Items listed in a dataset
§

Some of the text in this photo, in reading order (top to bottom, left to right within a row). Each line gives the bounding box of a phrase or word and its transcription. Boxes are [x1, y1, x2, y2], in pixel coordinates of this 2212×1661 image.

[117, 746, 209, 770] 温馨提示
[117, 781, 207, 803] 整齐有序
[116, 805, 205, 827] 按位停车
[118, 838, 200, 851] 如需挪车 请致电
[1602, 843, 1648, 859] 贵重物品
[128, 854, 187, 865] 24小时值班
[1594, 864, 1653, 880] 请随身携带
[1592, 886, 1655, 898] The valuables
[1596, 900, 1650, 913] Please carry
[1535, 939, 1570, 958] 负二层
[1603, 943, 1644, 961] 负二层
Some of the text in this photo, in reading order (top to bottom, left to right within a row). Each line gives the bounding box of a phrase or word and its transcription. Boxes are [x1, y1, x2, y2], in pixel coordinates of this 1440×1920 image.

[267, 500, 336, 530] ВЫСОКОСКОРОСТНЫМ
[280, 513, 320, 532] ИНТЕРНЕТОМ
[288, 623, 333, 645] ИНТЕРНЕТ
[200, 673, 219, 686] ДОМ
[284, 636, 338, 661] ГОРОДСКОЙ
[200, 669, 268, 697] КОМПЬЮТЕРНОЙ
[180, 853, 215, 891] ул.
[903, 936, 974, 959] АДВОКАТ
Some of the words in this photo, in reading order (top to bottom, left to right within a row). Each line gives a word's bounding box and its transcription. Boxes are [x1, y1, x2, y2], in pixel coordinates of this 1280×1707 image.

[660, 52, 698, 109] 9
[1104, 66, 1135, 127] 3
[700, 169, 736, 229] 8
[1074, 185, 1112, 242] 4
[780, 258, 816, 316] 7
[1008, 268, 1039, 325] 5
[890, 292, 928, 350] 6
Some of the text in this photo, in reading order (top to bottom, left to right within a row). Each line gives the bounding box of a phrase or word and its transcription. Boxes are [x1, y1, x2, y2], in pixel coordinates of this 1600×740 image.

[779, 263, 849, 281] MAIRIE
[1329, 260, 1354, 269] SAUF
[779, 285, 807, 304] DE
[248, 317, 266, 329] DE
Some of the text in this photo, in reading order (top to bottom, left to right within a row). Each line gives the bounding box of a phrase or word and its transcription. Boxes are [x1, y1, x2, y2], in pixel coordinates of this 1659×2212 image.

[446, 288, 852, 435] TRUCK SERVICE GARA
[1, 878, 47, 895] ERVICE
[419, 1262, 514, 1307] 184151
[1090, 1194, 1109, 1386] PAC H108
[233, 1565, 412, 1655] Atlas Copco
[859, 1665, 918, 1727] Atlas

§

**Assignment**
From the line that contains "Some of the words" through the last line of the records above, copy every line exactly and leave out the rest.

**Answer to the exercise**
Some of the words in this photo, in reading order (top to bottom, left to right within a row). Each line gives a word's bounding box and its transcription. Boxes are [x1, y1, x2, y2], in pixel coordinates of this 1280×1707 image.

[660, 52, 698, 109] 9
[1104, 66, 1135, 127] 3
[700, 169, 736, 229] 8
[1074, 185, 1112, 242] 4
[780, 258, 816, 316] 7
[1008, 268, 1039, 325] 5
[890, 292, 928, 350] 6
Some of the text in this photo, in reading order (top to bottom, left to right within a row). Each line gives the bounding box of a phrase or word and its transcription. Boxes are [x1, y1, x2, y2], in pixel coordinates of this 1600×740 image.

[779, 263, 849, 281] MAIRIE
[1329, 260, 1354, 269] SAUF
[779, 285, 807, 304] DE
[248, 317, 266, 329] DE
Some of the text in this photo, in reading order (top to bottom, left to right within a row). Each line gives the bounding box of a phrase or word and its transcription. Boxes are [x1, y1, x2, y2], in pixel coordinates of this 1659×2212 image.

[446, 288, 852, 435] TRUCK SERVICE GARA
[1, 878, 47, 895] ERVICE
[419, 1262, 514, 1307] 184151
[1090, 1194, 1109, 1386] PAC H108
[233, 1565, 412, 1655] Atlas Copco
[859, 1665, 918, 1727] Atlas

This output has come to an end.